Heavy rainfall pounded Houston this week, causing terrible flooding in a wide swath of the nation’s largest home building market. Texas Gov. Greg Abbott declared a state of emergency in nine counties, as, according to The Weather Channel, rainfall came down at rates as high as four inches an hour. The heavy flooding continued in parts of the area throughout the week.
On a societal level, the damage is still a long way from being fully assessed, but from a Houston home builder’s perspective, especially with spring selling season underway, the flooding will most likely delay projects and make the already fierce competition for skilled labor all the more intense.
Will Holder, president of Trendmaker Homes, says his company’s 25 communities in Houston didn’t suffer much physical damage but accessibility to roadways has made things difficult. But while the amount of rain has been a surprise, the timing of the storm was fortunate for builders.
“We get heavy rain all the time along the gulf coast, but this was not anticipated,” Holder says. “However, the storm developed over the weekend, which is good because we normally have very few materials around the sites over the weekends. Our sites are all cleaned on Fridays and I think this helped us a lot.”
Once the region begins to get back to normal, he adds, there will be new demand for all kinds of materials and labor that will slow progress slightly over the next few months. “Our trades specialize in new construction, but laborers will get distracted by the opportunity to make better than average money immediately following weather events like this,” he says. “We will be delayed, but by weeks, not months.”
By mid-week, homes that were under construction and past the roofing stage had resumed construction at Toll Brothers' 13 communities currently under construction in Houston, according to Division President Karl Mistry. However, he adds, “It takes several days for the ground and construction sites to dry and begin getting new homes started.”

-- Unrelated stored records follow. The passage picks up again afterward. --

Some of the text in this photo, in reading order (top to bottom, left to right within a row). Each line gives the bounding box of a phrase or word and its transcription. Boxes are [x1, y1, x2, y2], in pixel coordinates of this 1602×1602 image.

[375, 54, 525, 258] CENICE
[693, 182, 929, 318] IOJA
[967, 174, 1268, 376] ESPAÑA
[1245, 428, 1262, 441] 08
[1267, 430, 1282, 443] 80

Still, none of Toll’s employees’ homes experienced flooding and the same was true for its communities. “All of our projects have detention facilities that worked as they were designed and no home that we are aware of has had flood damage,” he said.

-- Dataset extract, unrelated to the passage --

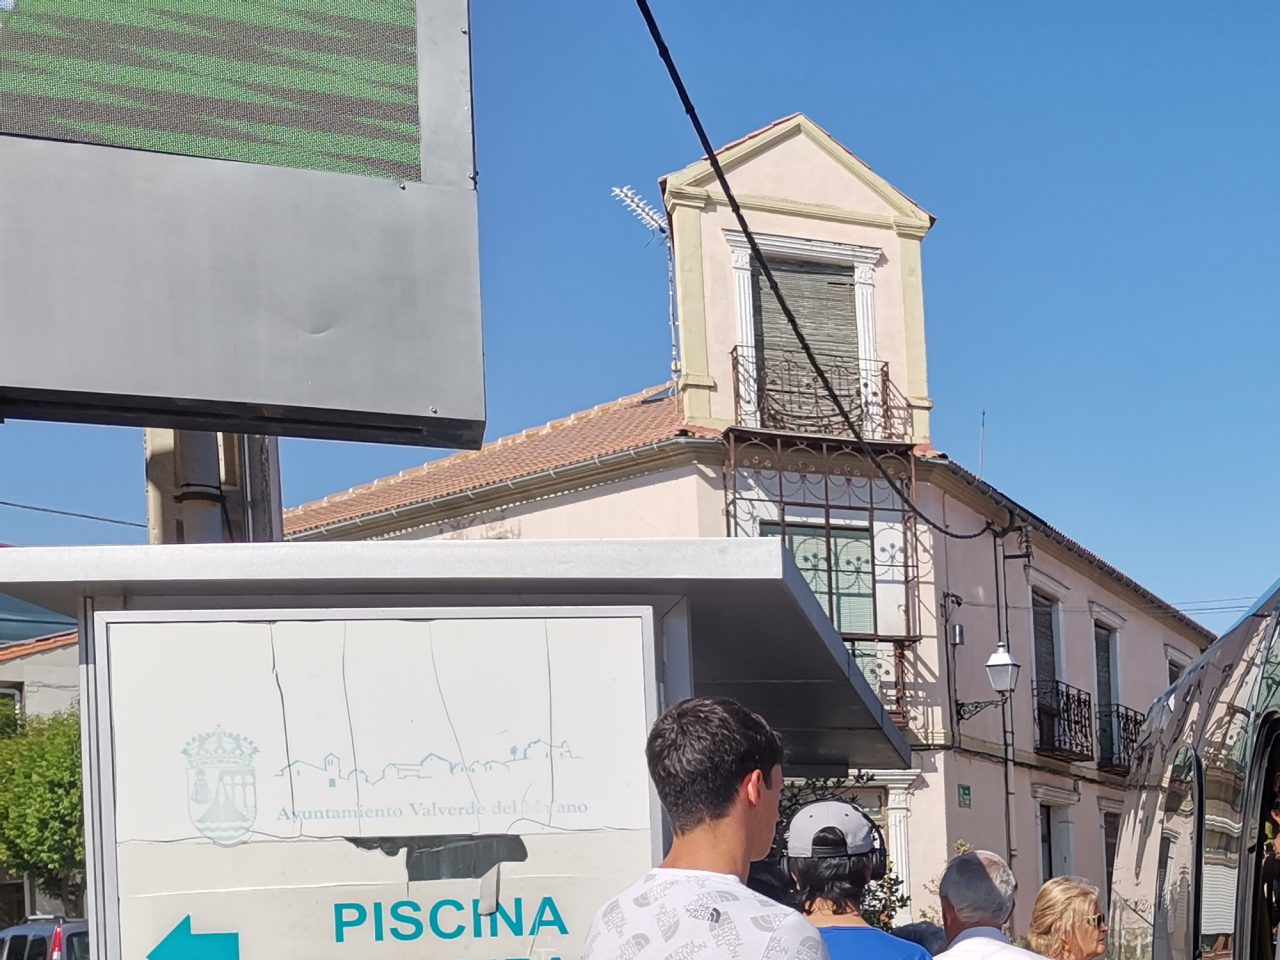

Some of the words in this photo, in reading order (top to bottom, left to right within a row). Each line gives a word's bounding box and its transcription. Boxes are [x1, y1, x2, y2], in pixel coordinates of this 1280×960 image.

[277, 806, 404, 823] Ayuntamiento
[409, 802, 486, 817] Valverde
[492, 800, 517, 815] del
[334, 897, 569, 943] PISCINA

One block that didn’t fare as well was Lawrence Dean’s, senior advisor at Houston Metrostudy. He had water up to his front door, but luckily not in his home. His neighbors on either side, however, were not as fortunate.
Last spring, Dean notes, Houston was hit with a major flood and most of the homeowners in his neighborhood, including Dean, only returned to their homes a few short weeks before this week’s floods hit. “Repairs to those houses haven’t even been completed from the last flood and now they flooded again,” he said.

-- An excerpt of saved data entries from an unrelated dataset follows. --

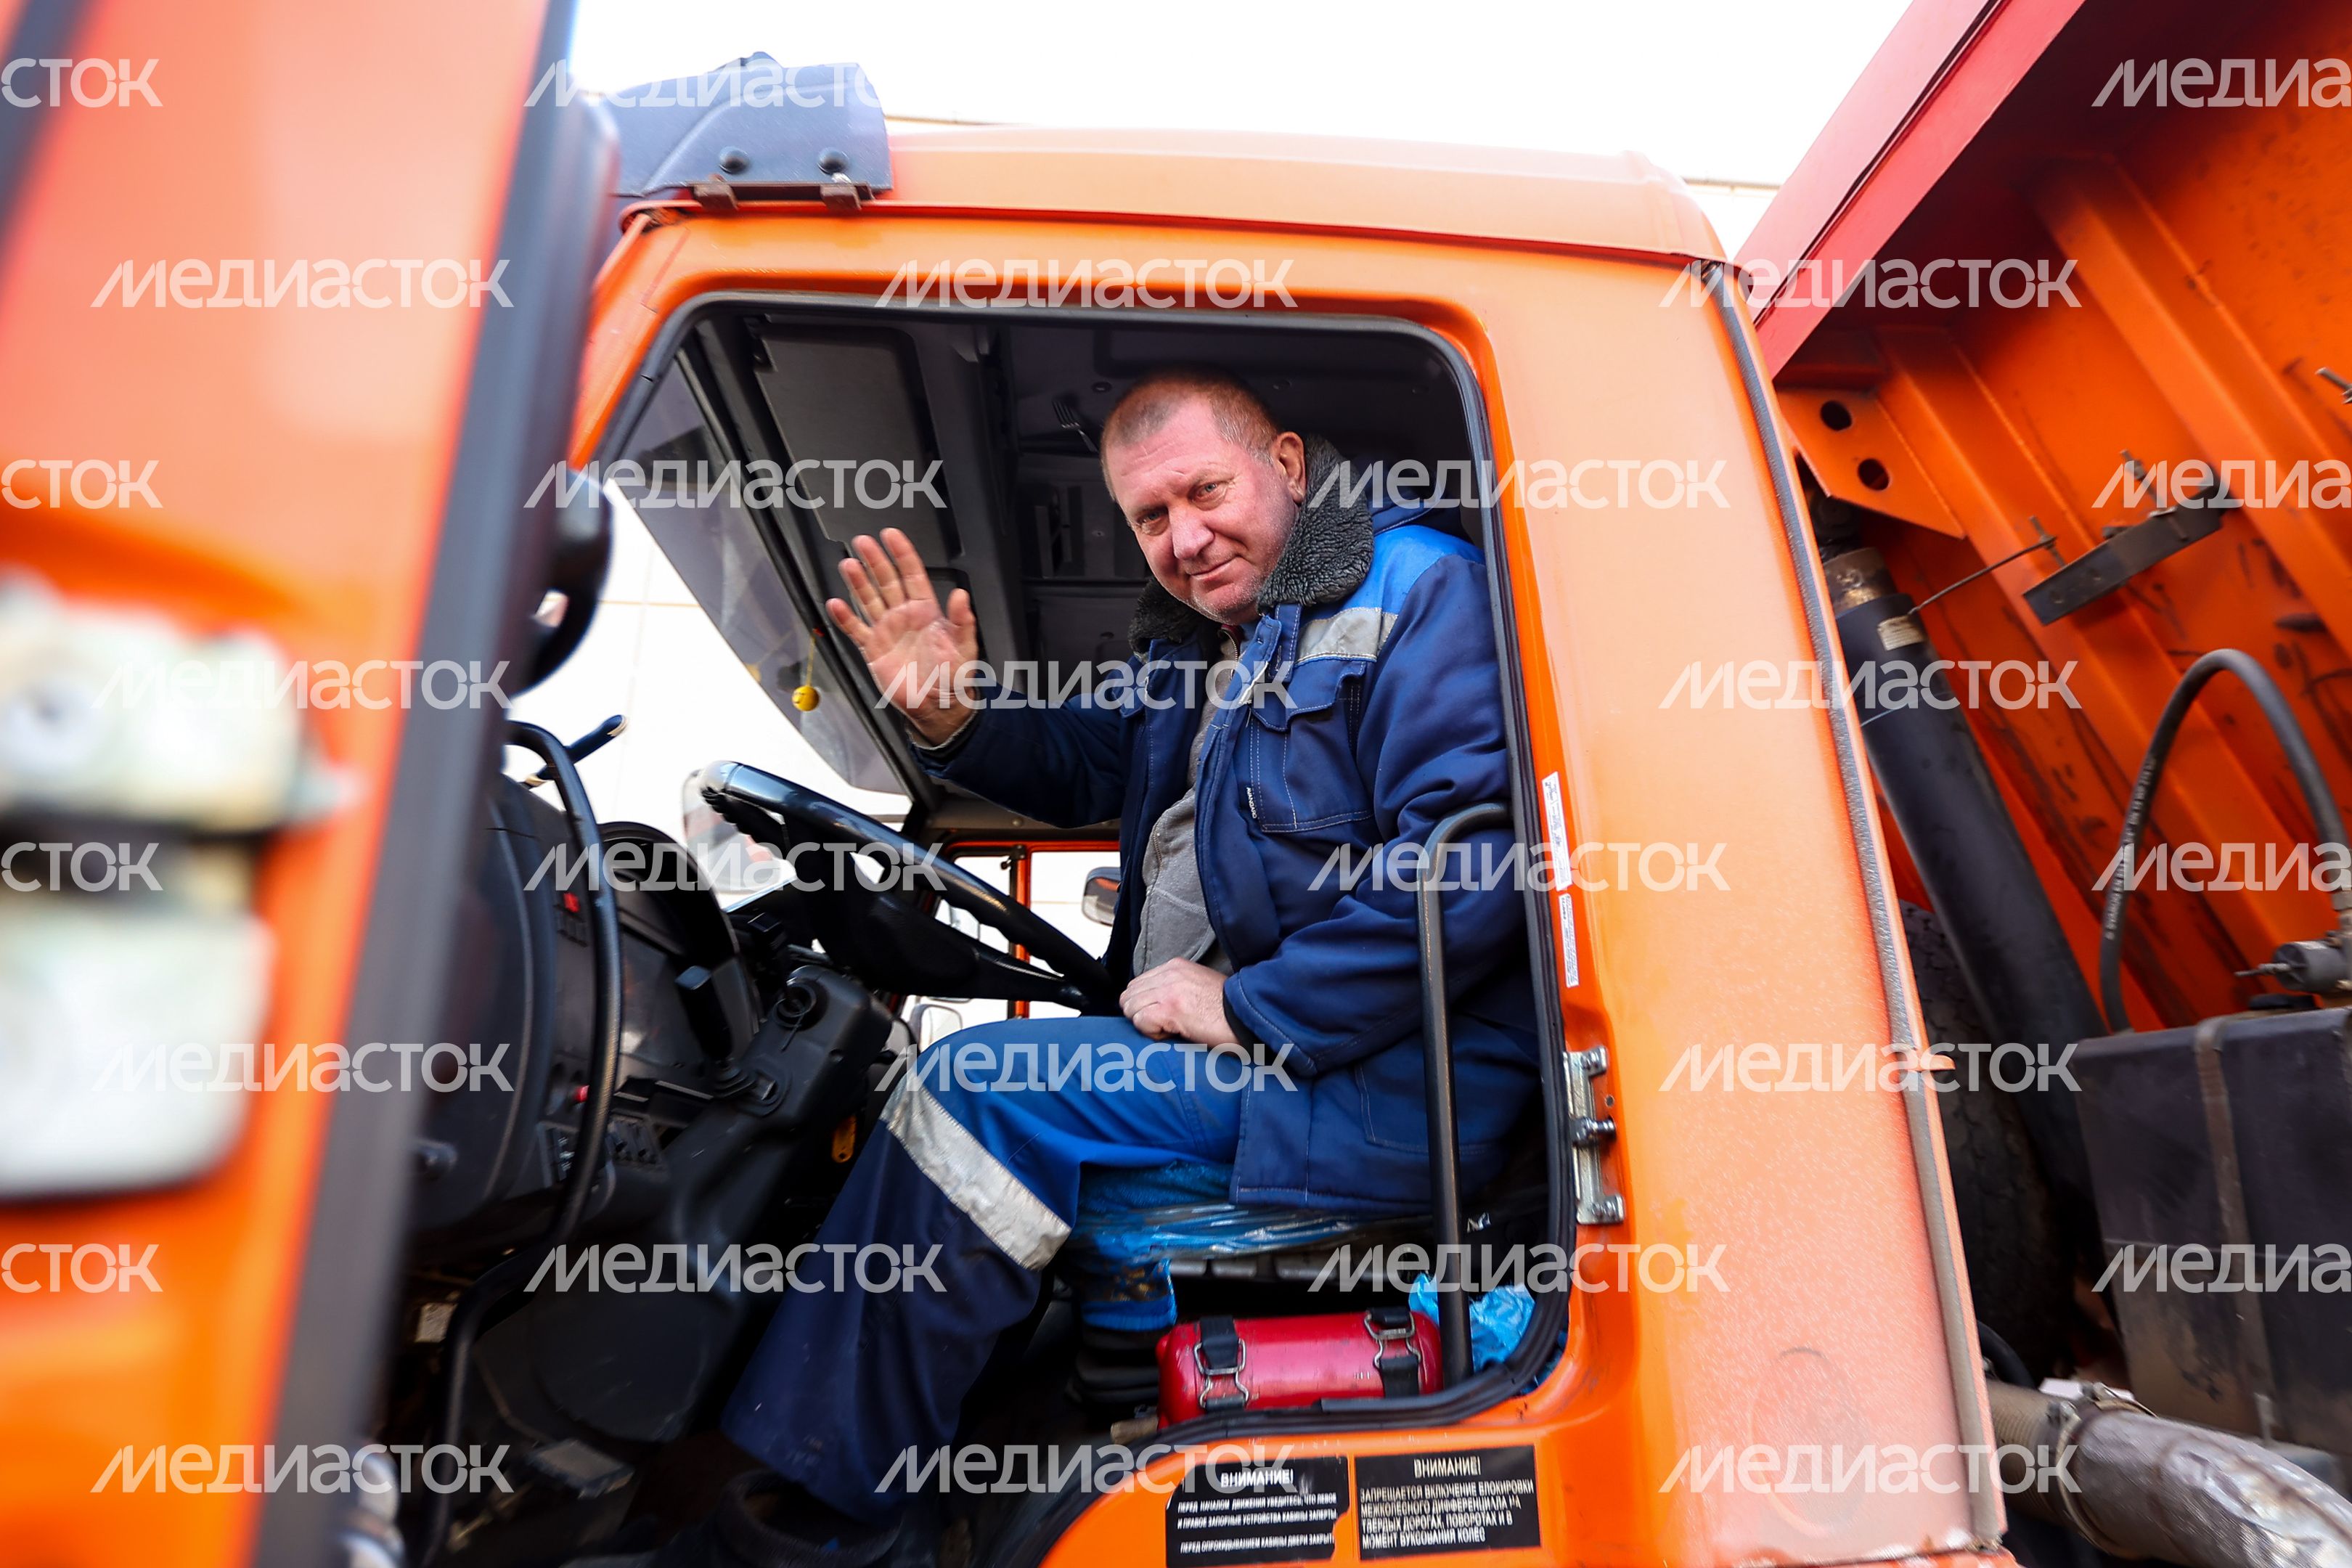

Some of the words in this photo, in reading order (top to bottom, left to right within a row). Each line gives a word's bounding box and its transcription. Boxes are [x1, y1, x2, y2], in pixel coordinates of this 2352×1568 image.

[1246, 787, 1257, 819] AVANGARD
[1413, 1456, 1481, 1478] ВНИМАНИЕ!
[1221, 1469, 1294, 1487] ВНИМАНИЕ!
[1360, 1485, 1423, 1503] ЗАПРЕЩАЕТСЯ
[1424, 1482, 1477, 1499] ВКЛЮЧЕНИЕ
[1479, 1479, 1534, 1496] БЛОКИРОВКИ
[1178, 1501, 1199, 1513] ПЕРЕД
[1200, 1499, 1230, 1511] НАЧАЛОМ
[1232, 1498, 1266, 1511] ДВИЖЕНИЯ
[1304, 1494, 1316, 1506] ЧТО
[1317, 1493, 1337, 1505] ЛЕВОЕ
[1360, 1500, 1430, 1518] МЕЖКОЛЕСНОГО
[1432, 1495, 1507, 1516] ДИФФЕРЕНЦИАЛА
[1177, 1519, 1183, 1530] И
[1183, 1517, 1206, 1529] ПРАВОЕ
[1207, 1515, 1242, 1527] ЗАПОРНЫЕ
[1243, 1511, 1281, 1525] УСТРОЙСТВА
[1282, 1510, 1307, 1523] КАБИНЫ
[1446, 1511, 1497, 1528] ПОВОРОТАХ
[1498, 1511, 1506, 1525] И
[1506, 1510, 1513, 1526] В
[1180, 1541, 1201, 1553] ПЕРЕД
[1201, 1538, 1260, 1552] ОПРОКИДЫВАНИЕМ
[1261, 1536, 1287, 1549] КАБИНЫ
[1288, 1535, 1307, 1548] ДВЕРИ
[1362, 1532, 1397, 1549] МОМЕНТ
[1400, 1528, 1456, 1547] БУКСОВАНИЯ

The heavy rainfall last year reminded Newland Real Estate Group to check and re-check its engineering plans and solutions, says Ted Nelson, president of the company’s Central Region, in case an event like this were to happen. The most significant downpour occurred on the west side of the city, Nelson adds, which is where Newland is opening a new project. “It will be slowed, but minimally and will not impact our opening schedule,” he says.
“Due to the lack of topography in Houston,” Nelson adds, “we engage the best and brightest engineers with significant hydrology capability simply because we intuitively understand that with flat land; the solution to drainage solutions is one of our largest challenges. Short-term, last-minute ‘fixes’ can do little when dealing with this level of storm.”
While the flooding was rough this time around, Holder says it’s part of building in Houston. “Unfortunately, we have a lot of experience with bad weather,” he says. “We stand ready for these events.”
Jennifer Goodman contributed to this story.